DGCA Bans Samsung Galaxy Note 7 On Flights; Terms it Dangerous!


For the first time ever in India or any other country, a mobile phone has been banned from usage inside aircraft, because of it’s dangerous battery, which can explode any moment.

Samsung Galaxy Note 7, the latest offering from Samsung has been deemed as dangerous and explosive, just like a time-bomb.
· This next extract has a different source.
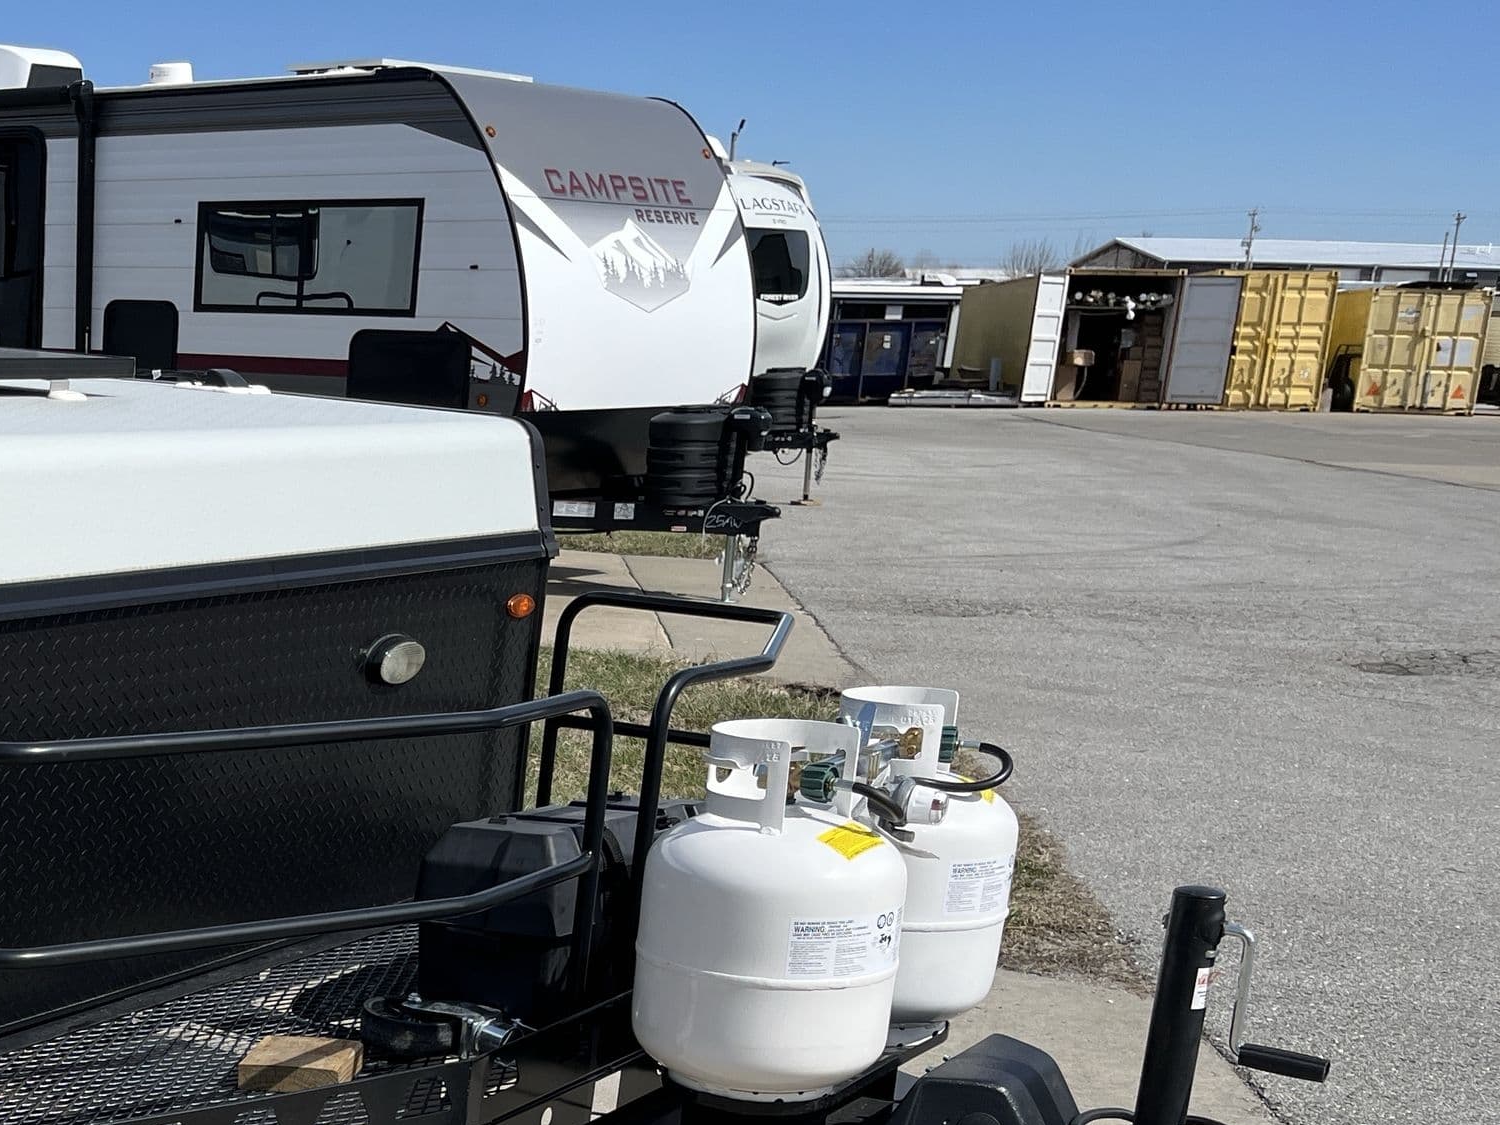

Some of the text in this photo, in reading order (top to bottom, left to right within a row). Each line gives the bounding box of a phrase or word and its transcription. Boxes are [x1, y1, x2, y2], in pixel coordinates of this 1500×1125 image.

Such is the scare that The Directorate General of Civil Aviation (DGCA) has asked all airports to stop passengers from using the phone inside the plane.

And in case the passenger is carrying it in the check-in baggage, then the handset should be kept switched off.
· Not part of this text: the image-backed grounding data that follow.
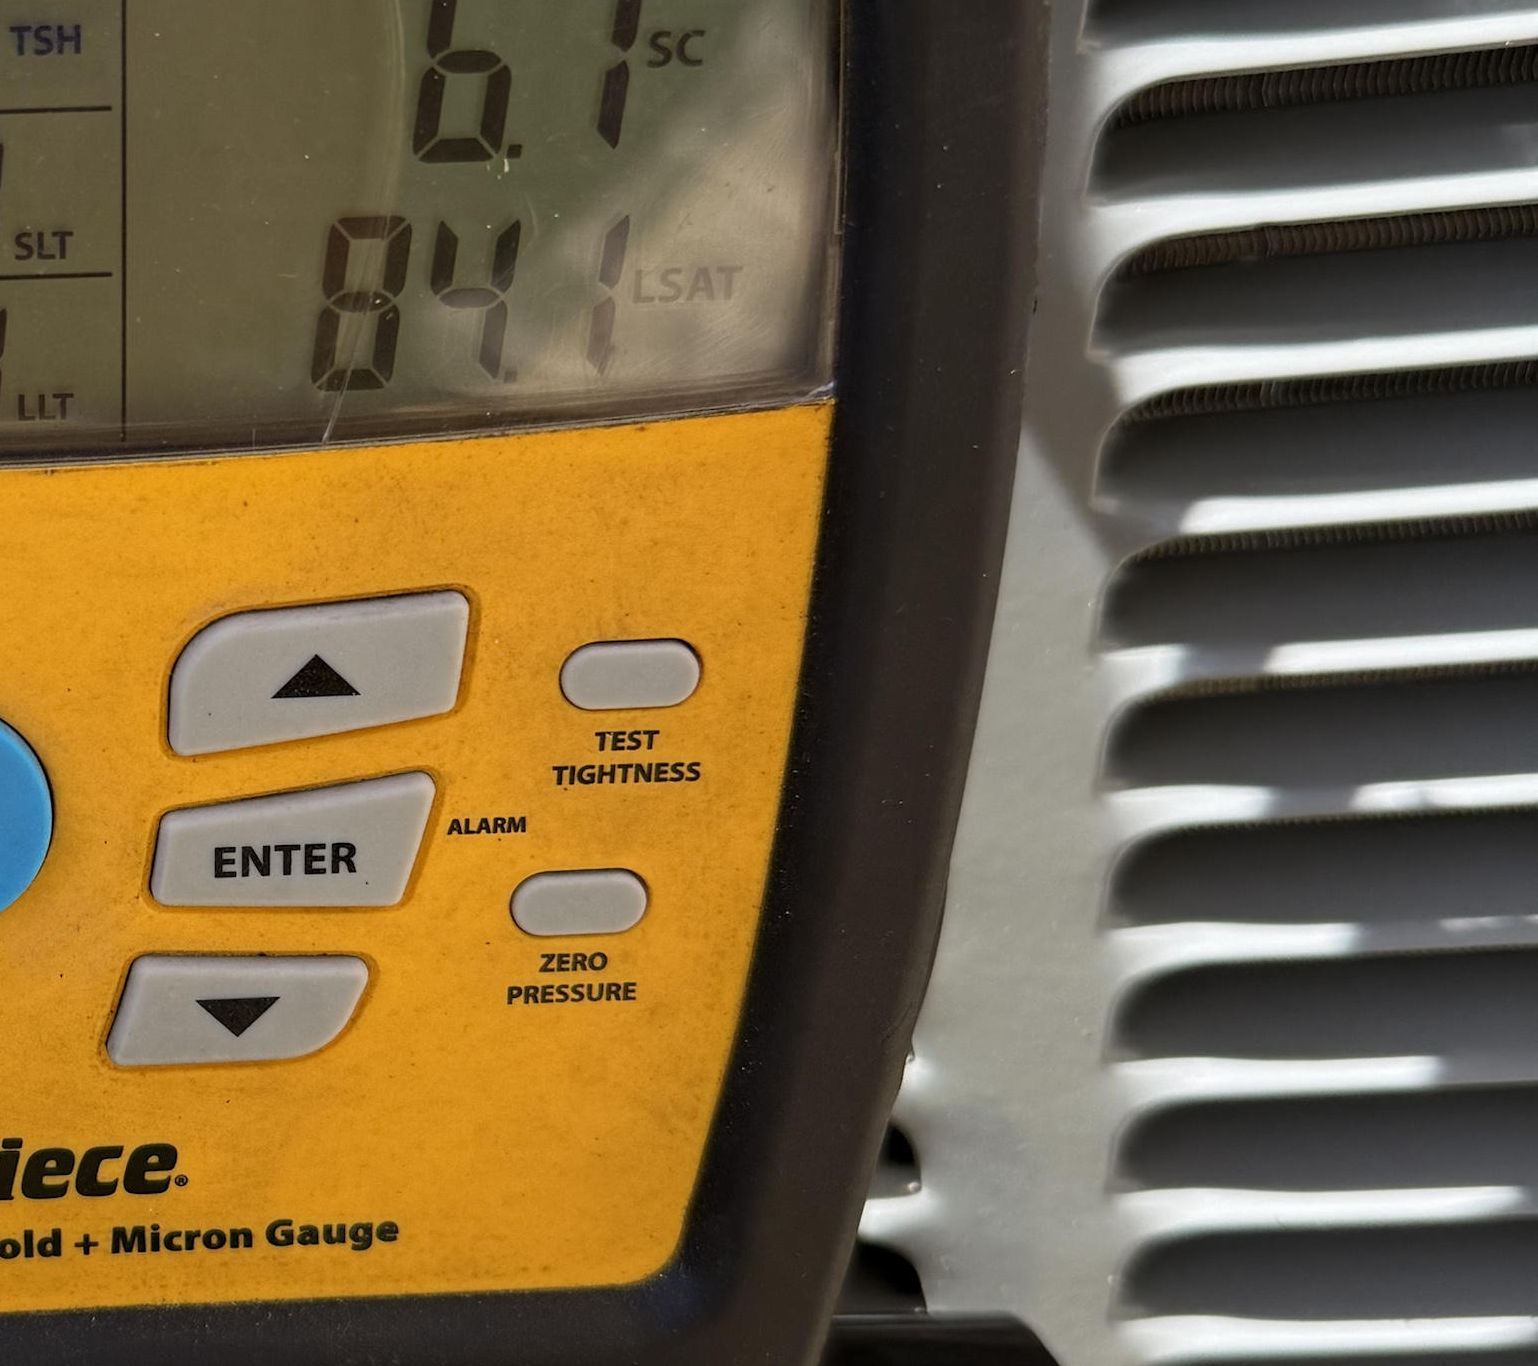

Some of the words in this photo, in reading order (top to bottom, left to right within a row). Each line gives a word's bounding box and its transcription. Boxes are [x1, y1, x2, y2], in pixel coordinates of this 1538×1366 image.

[9, 24, 82, 55] TSH
[646, 30, 705, 67] SC
[14, 231, 73, 261] SLT
[311, 215, 631, 392] 84.1
[631, 265, 743, 305] LSAT
[17, 392, 75, 421] LLT
[595, 730, 660, 752] TEST
[552, 761, 701, 785] TIGHTNESS
[447, 816, 527, 836] ALARM
[214, 841, 357, 879] ENTER
[539, 951, 608, 974] ZERO
[507, 981, 637, 1005] PRESSURE
[74, 1233, 100, 1256] +
[110, 1223, 254, 1254] Micron
[265, 1218, 400, 1251] Gauge
In an order, DGCA said, “In light of the recent incidents involving battery incidents with Samsung about its Galaxy Note 7 devices globally, traveling public and airlines are advised not to switch on these mobiles during the flight or stow them in any checked in baggage,”
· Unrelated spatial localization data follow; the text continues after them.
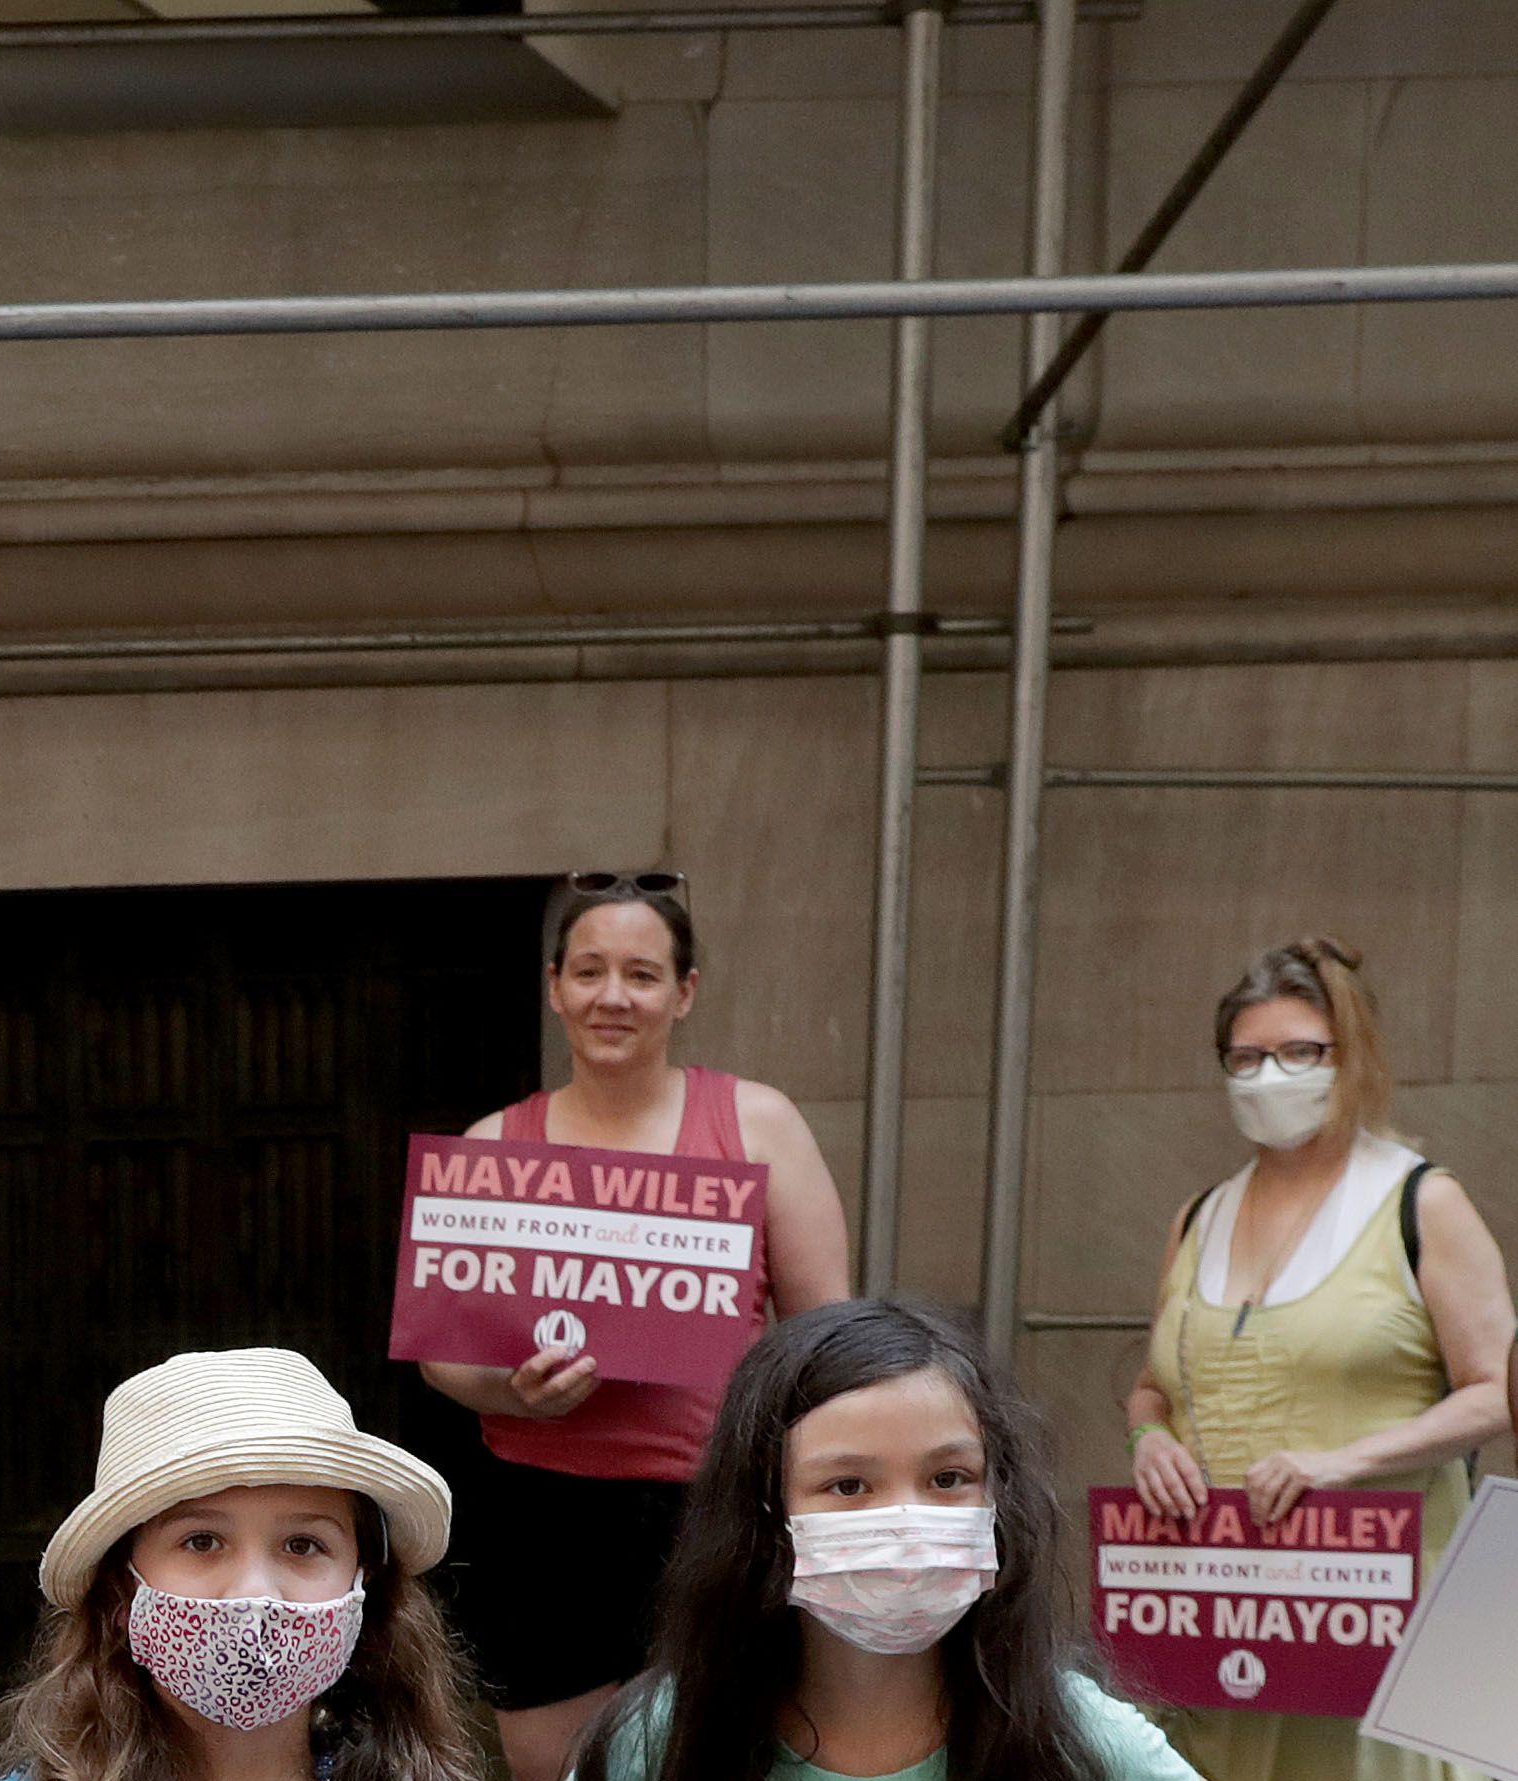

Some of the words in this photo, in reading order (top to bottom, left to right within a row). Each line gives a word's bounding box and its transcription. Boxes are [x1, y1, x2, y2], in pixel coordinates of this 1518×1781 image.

[420, 1152, 575, 1201] MAYA
[592, 1164, 757, 1219] WILEY
[421, 1213, 506, 1232] WOMEN
[517, 1217, 592, 1239] FRONT
[595, 1223, 639, 1245] and
[646, 1231, 731, 1254] CENTER
[413, 1248, 516, 1295] FOR
[532, 1255, 740, 1317] MAYOR
[1109, 1562, 1187, 1576] WOMEN
[1197, 1563, 1261, 1579] FRONT
[1311, 1567, 1392, 1584] CENTER
[1105, 1593, 1201, 1637] FOR
[1213, 1598, 1405, 1647] MAYOR
It’s not DGCA alone which has triggered such panic warning to protect aircrafts from getting exploded – official airline controls of half a dozen countries, including USA has issued such warnings.

US Federal Aviation Authority had issued similar orders few days back, notifying all passengers not to carry the defective Samsung Galaxy Note 7 handsets while travelling in aircrafts. Later on, Singapore Airlines, Qantas, Jetstar and Virgin Australia and Delta also issued similar warnings.

Interestingly, Korean Air, the official airlines of South Korea, where Samsung is headquartered, hasn’t issued any such warning. As per the officials, they have met Samsung officials, and they have been asked to allow to passengers to use Note 7 inside aircrafts.

But other airlines are not taking the risk, and have issued prior warning to safeguard all the passengers and the aircraft. Even Samsung and the U.S. Consumer Product Safety Commission have asked buyers not to use Note 7 handsets.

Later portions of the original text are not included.